La youtubeuse a bien sûr choisi les images pour illustrer son propos de départ : « A Lens, y’a rien. » Pour autant, les passants interrogés sont authentiques et leurs réactions spontanées. Et il est vrai que Lens n’a pas l’effervescence culturelle d’une métropole comme Lille, ni même le dynamisme de centres villes bourgeois comme Arras ou Béthune. Ce qui est inacceptable pour les lensois, c’est le sentiment d’insulte. Marie s’infiltre n’est pas loin du Kop du PSG et son «Pédophiles, chômeurs, consanguins: bienvenue chez les Ch’tis» (#CoucouLaMareck).

Mépris de classe

Avec les préjugés inévitables dus à sa condition, Marie s’infiltre pensait trouver à Lille les ch’tis de Dany Boon. Sa vidéo à Lens est celle de l’aventure d’une bourgeoise (même pas bohème) qui quitte son quartier branchouille pour venir se moquer des prolos. Ce sentiment d’être insultés que nous avons, c’est le ressenti que l’on a en face du mépris de classe.

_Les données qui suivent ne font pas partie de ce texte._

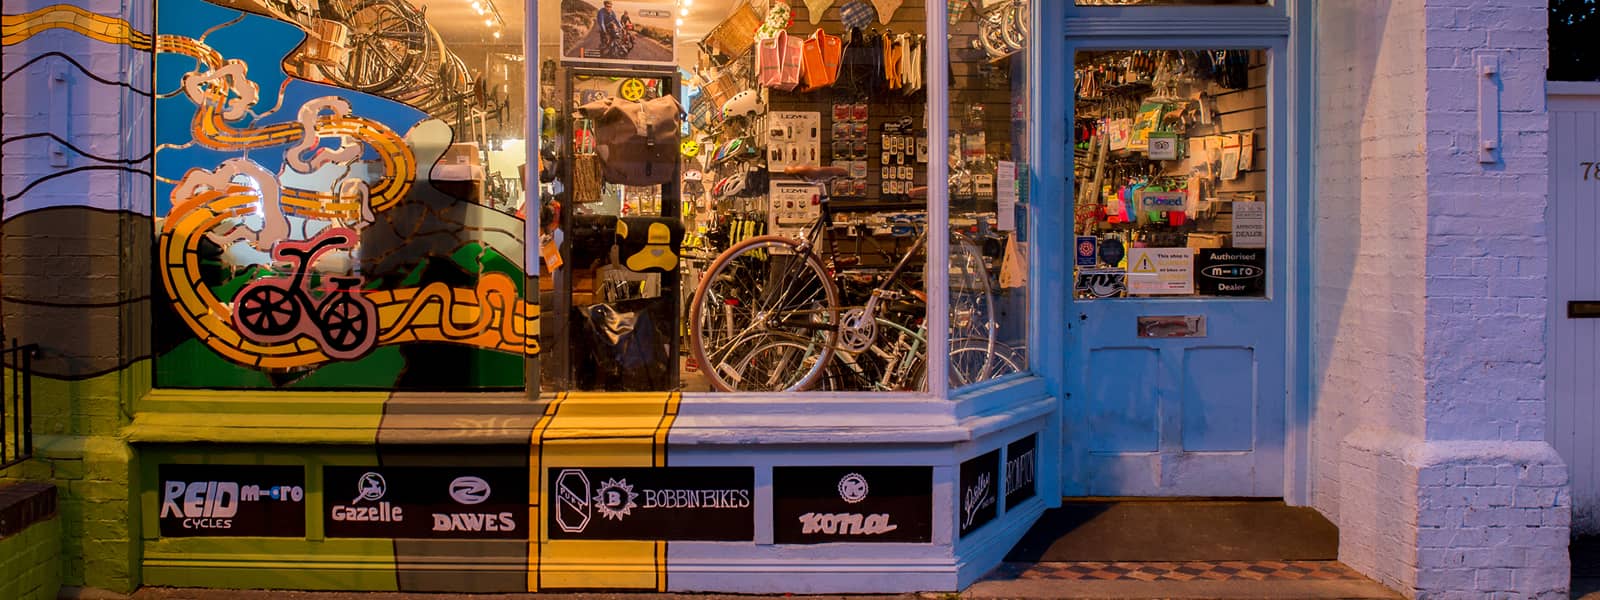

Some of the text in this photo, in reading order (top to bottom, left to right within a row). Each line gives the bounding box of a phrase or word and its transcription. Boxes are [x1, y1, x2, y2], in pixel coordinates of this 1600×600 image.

[1143, 195, 1183, 206] Closed
[1210, 252, 1257, 261] Authorised
[1218, 282, 1246, 291] Dealer
[160, 481, 239, 518] REID
[606, 491, 621, 506] B
[643, 489, 750, 508] BOBBIN BIKES
[331, 501, 403, 523] Gazelle
[183, 519, 232, 529] CYCLES
[431, 512, 516, 532] DAWES
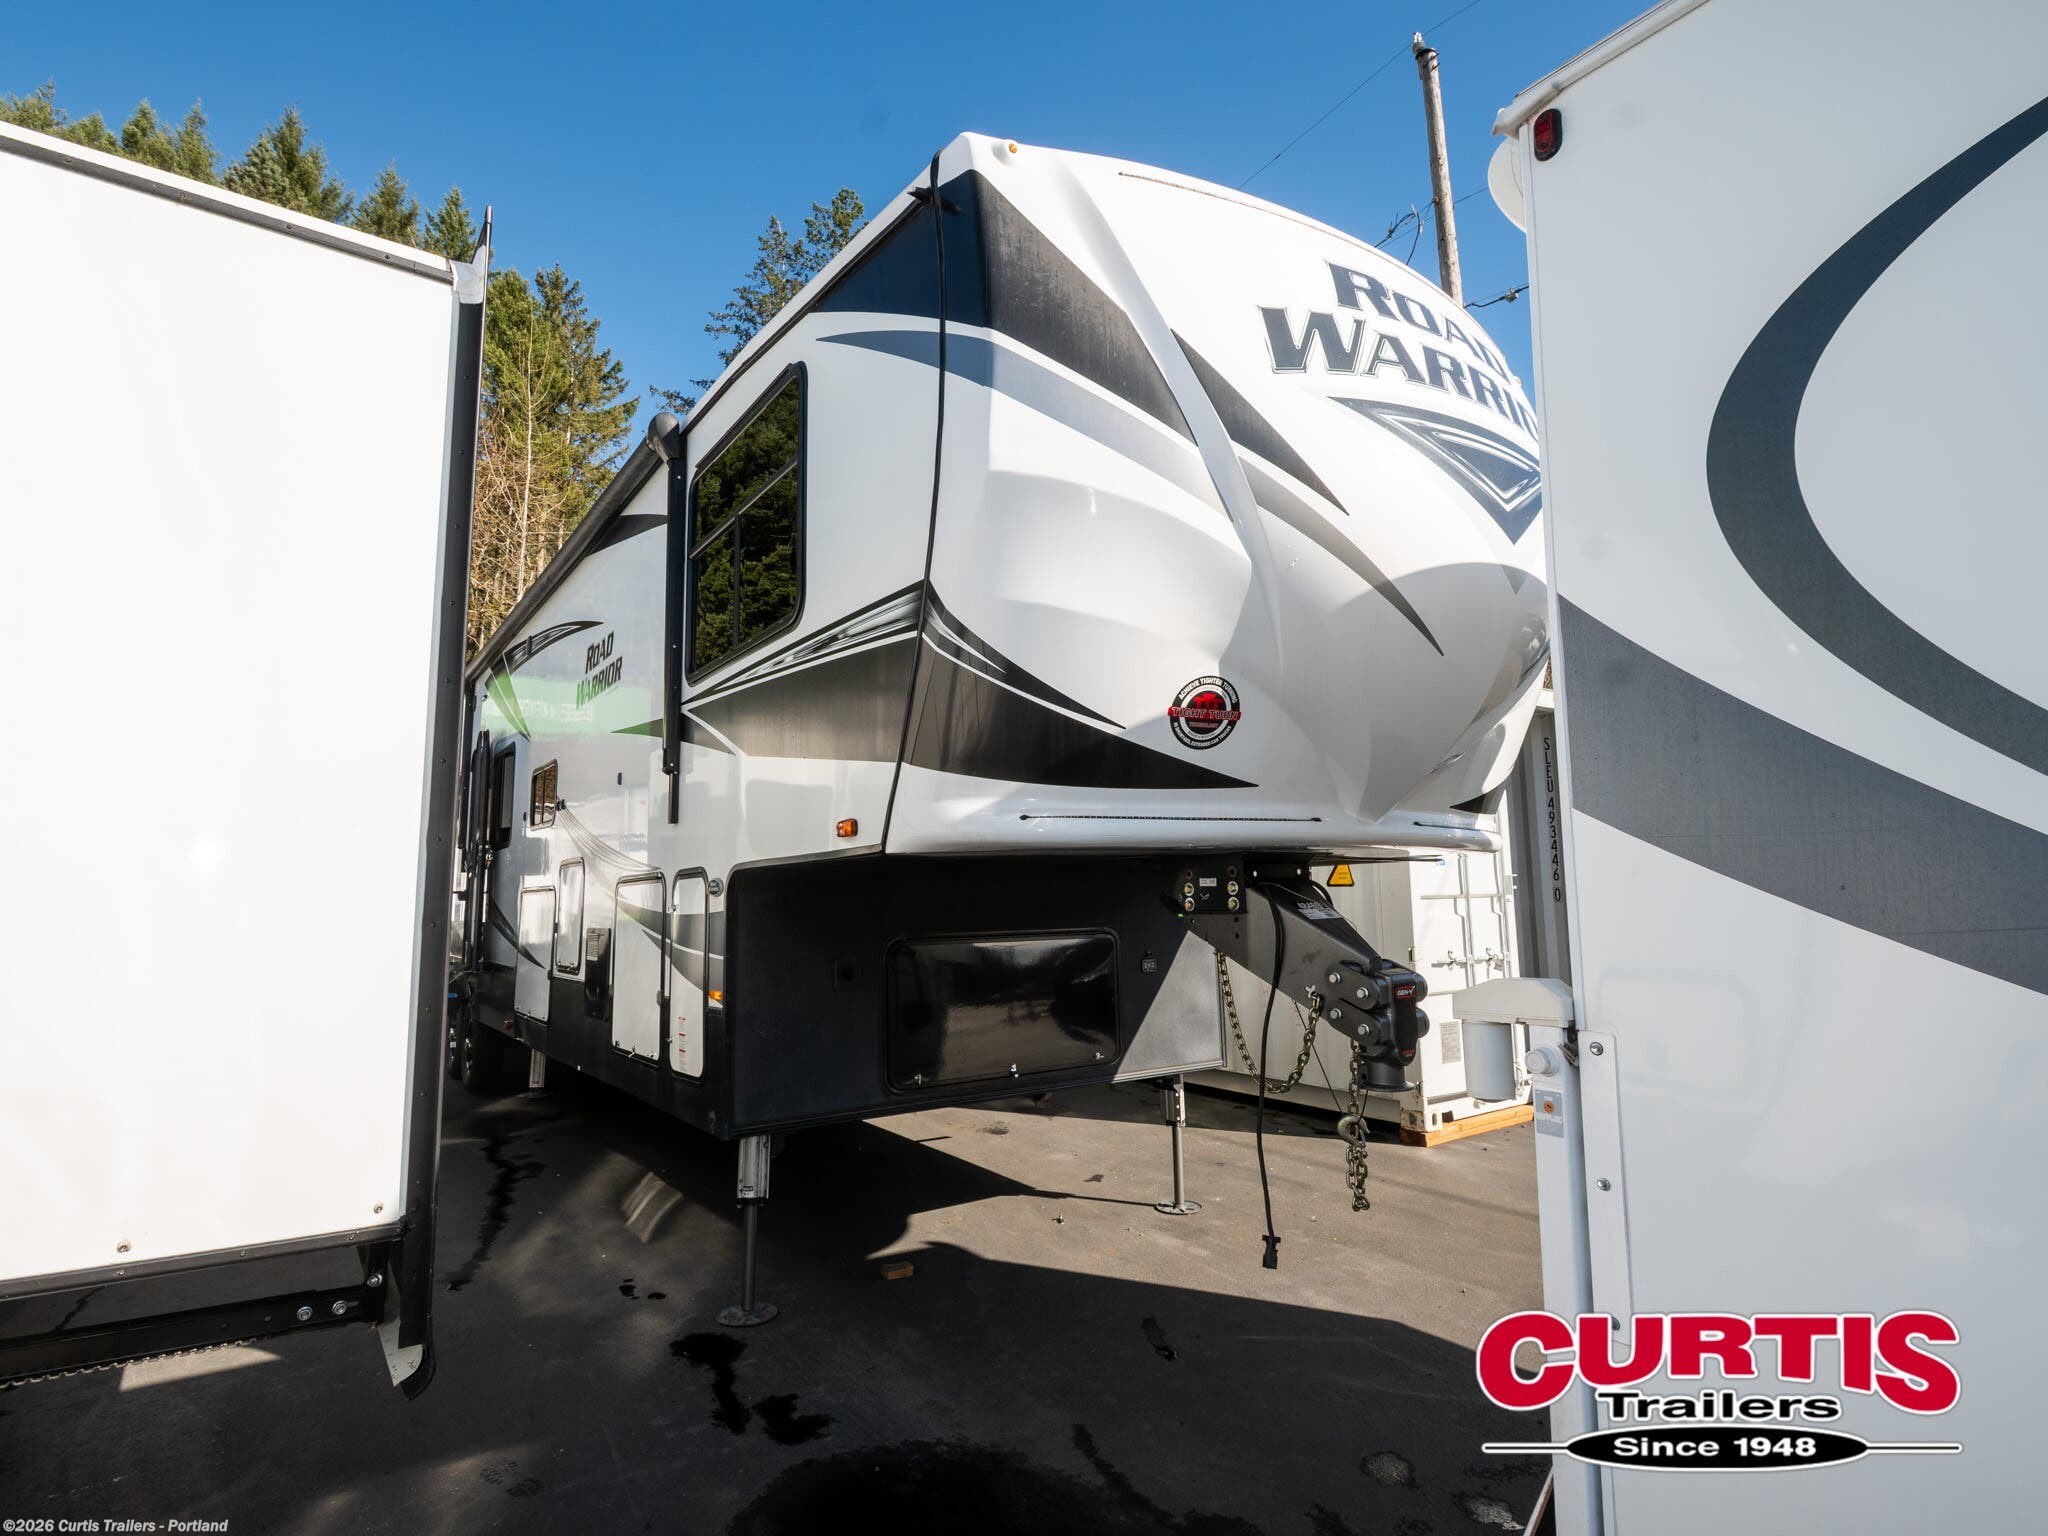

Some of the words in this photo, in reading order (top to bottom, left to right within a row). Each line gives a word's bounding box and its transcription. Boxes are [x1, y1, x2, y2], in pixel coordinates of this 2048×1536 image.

Si à Lens il n’y a rien, c’est que c’est une ville ouvrière. La population a été maintenue captive, à l’époque du capitalisme florissant, dans l’unique but de travailler. A Lens on bosse, on mange et on se reproduit, on ne nous a longtemps laissé aucun luxe supplémentaire. Les travailleurs, dont les mineurs, ont permis le développement économique et culturel des grandes villes comme Lille. Grâce à des gens comme Basly, Lens a pu en récolter quelques miettes, l’architecture art déco en est un témoignage. Mais à Lens, on n’a pas d’opéra, pas de théâtre, pas de salle de concert, même pas de squat d’artistes…

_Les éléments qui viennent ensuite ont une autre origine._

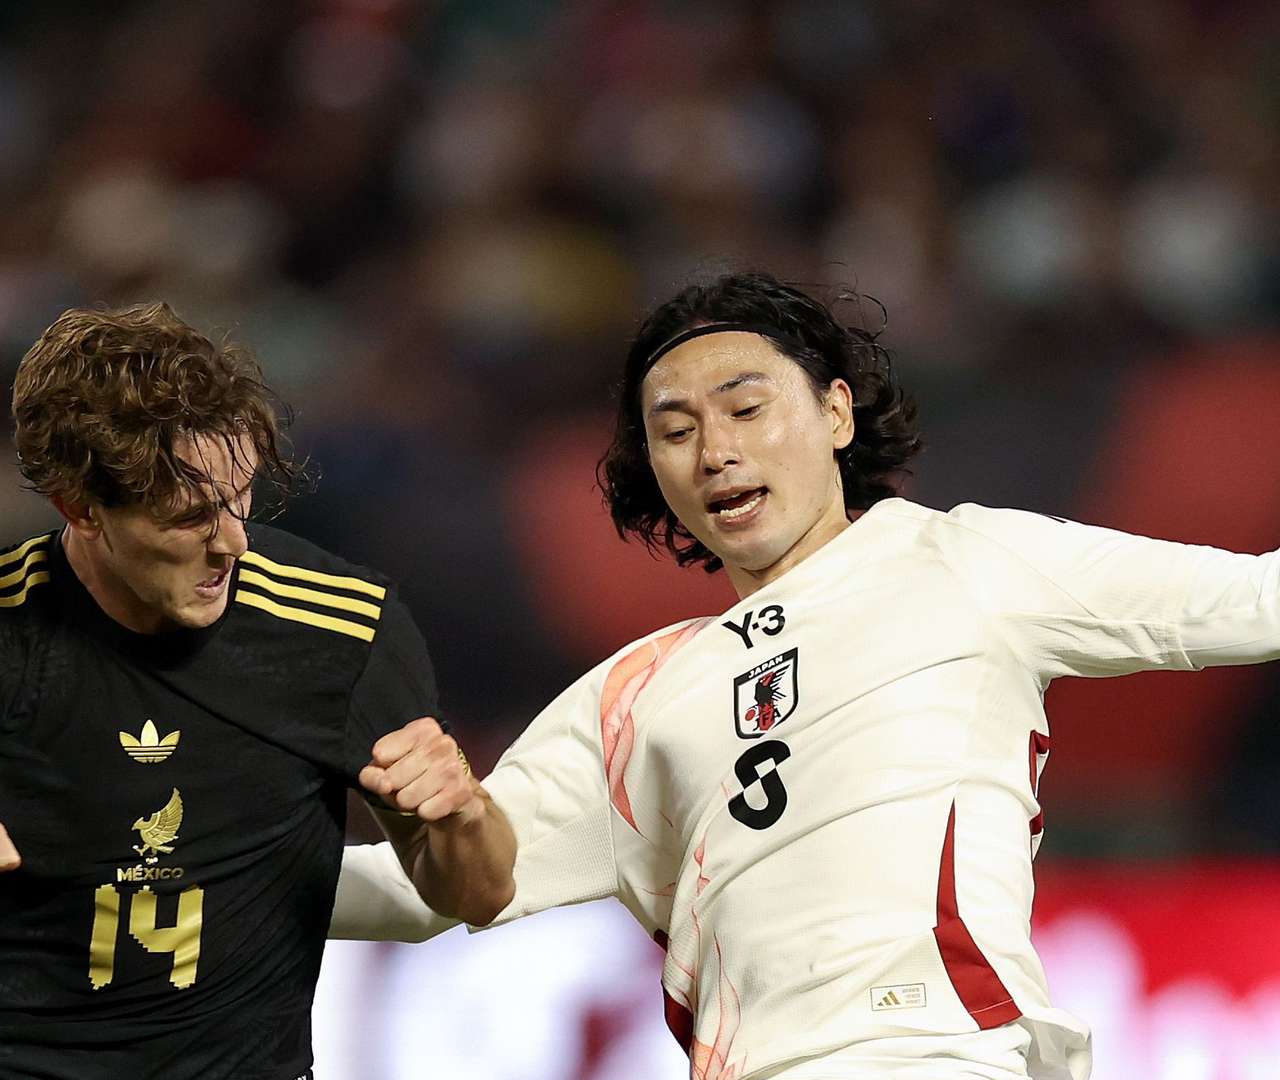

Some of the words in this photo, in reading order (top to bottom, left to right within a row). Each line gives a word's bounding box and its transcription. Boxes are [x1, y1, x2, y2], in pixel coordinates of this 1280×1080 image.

[721, 604, 786, 649] Y-3
[748, 655, 783, 679] JAPAN
[116, 864, 184, 882] MÉXICO
[88, 883, 204, 990] 14

Bien sûr, la gauche lensoise et ses élus ont répondu à la vidéo. C’est qu’en ce début de campagne pour les municipales, la publicité de Marie s’infiltre prend un tour politique. Il s’agit pour les élus du territoire de défendre leur bilan. A juste titre, ils mettent en avant les réalisations se voulant comme un pont entre le patrimoine de la ville et l’avenir qu’ils lui prévoient, notamment grâce au tourisme culturel. Mais ce n’est pas ce qui intéresse Marie la boutiquière. Elle veut des bars et des resto, car pour elle, une ville qui bouge, c’est une ville où elle peut consommer de manière oisive et stérile.